Send every record back word for word.

*** Opening DATA SHOWN ***

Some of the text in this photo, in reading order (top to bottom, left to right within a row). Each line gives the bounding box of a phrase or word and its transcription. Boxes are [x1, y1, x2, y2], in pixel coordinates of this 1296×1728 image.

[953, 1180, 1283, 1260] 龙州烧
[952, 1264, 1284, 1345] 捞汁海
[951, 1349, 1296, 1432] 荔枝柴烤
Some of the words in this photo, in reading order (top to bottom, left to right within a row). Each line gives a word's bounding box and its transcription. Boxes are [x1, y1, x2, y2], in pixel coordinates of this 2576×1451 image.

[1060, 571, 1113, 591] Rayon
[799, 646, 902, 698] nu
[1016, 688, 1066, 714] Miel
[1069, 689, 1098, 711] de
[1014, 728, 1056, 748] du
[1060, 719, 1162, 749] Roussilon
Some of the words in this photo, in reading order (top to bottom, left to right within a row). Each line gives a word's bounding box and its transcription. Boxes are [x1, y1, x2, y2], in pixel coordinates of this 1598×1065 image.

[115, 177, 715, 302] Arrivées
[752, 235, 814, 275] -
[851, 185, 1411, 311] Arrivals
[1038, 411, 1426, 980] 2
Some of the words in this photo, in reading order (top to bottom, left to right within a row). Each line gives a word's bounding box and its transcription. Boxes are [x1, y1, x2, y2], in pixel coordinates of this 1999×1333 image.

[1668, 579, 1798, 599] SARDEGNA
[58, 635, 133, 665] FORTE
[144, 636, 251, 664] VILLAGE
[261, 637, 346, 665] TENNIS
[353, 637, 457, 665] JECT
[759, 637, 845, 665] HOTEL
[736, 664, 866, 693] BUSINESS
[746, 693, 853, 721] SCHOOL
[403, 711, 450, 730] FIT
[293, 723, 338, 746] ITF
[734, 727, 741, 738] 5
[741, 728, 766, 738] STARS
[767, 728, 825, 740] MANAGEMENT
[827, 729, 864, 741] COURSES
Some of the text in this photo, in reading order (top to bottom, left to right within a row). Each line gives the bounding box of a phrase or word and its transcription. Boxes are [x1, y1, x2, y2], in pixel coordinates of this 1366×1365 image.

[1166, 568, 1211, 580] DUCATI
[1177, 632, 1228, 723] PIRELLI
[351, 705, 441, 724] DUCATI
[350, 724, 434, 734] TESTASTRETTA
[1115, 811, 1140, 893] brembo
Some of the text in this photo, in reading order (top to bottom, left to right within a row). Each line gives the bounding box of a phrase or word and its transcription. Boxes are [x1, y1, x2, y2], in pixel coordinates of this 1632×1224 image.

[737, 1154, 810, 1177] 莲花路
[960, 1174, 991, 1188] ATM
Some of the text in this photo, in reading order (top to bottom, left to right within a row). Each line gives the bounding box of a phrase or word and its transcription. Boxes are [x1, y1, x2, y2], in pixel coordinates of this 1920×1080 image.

*** Closing DATA SHOWN ***

## SOLUTION TO THE EXERCISE
Some of the text in this photo, in reading order (top to bottom, left to right within a row). Each line gives the bounding box of a phrase or word and its transcription. Boxes are [x1, y1, x2, y2], in pixel coordinates of this 1296×1728 image.

[953, 1180, 1283, 1260] 龙州烧
[952, 1264, 1284, 1345] 捞汁海
[951, 1349, 1296, 1432] 荔枝柴烤
Some of the words in this photo, in reading order (top to bottom, left to right within a row). Each line gives a word's bounding box and its transcription. Boxes are [x1, y1, x2, y2], in pixel coordinates of this 2576×1451 image.

[1060, 571, 1113, 591] Rayon
[799, 646, 902, 698] nu
[1016, 688, 1066, 714] Miel
[1069, 689, 1098, 711] de
[1014, 728, 1056, 748] du
[1060, 719, 1162, 749] Roussilon
Some of the words in this photo, in reading order (top to bottom, left to right within a row). Each line gives a word's bounding box and its transcription. Boxes are [x1, y1, x2, y2], in pixel coordinates of this 1598×1065 image.

[115, 177, 715, 302] Arrivées
[752, 235, 814, 275] -
[851, 185, 1411, 311] Arrivals
[1038, 411, 1426, 980] 2
Some of the words in this photo, in reading order (top to bottom, left to right within a row). Each line gives a word's bounding box and its transcription. Boxes are [x1, y1, x2, y2], in pixel coordinates of this 1999×1333 image.

[1668, 579, 1798, 599] SARDEGNA
[58, 635, 133, 665] FORTE
[144, 636, 251, 664] VILLAGE
[261, 637, 346, 665] TENNIS
[353, 637, 457, 665] JECT
[759, 637, 845, 665] HOTEL
[736, 664, 866, 693] BUSINESS
[746, 693, 853, 721] SCHOOL
[403, 711, 450, 730] FIT
[293, 723, 338, 746] ITF
[734, 727, 741, 738] 5
[741, 728, 766, 738] STARS
[767, 728, 825, 740] MANAGEMENT
[827, 729, 864, 741] COURSES
Some of the text in this photo, in reading order (top to bottom, left to right within a row). Each line gives the bounding box of a phrase or word and its transcription. Boxes are [x1, y1, x2, y2], in pixel coordinates of this 1366×1365 image.

[1166, 568, 1211, 580] DUCATI
[1177, 632, 1228, 723] PIRELLI
[351, 705, 441, 724] DUCATI
[350, 724, 434, 734] TESTASTRETTA
[1115, 811, 1140, 893] brembo
Some of the text in this photo, in reading order (top to bottom, left to right within a row). Each line gives the bounding box of a phrase or word and its transcription. Boxes are [x1, y1, x2, y2], in pixel coordinates of this 1632×1224 image.

[737, 1154, 810, 1177] 莲花路
[960, 1174, 991, 1188] ATM
Some of the text in this photo, in reading order (top to bottom, left to right within a row). Each line gives the bounding box of a phrase or word and its transcription. Boxes are [x1, y1, x2, y2], in pixel coordinates of this 1920×1080 image.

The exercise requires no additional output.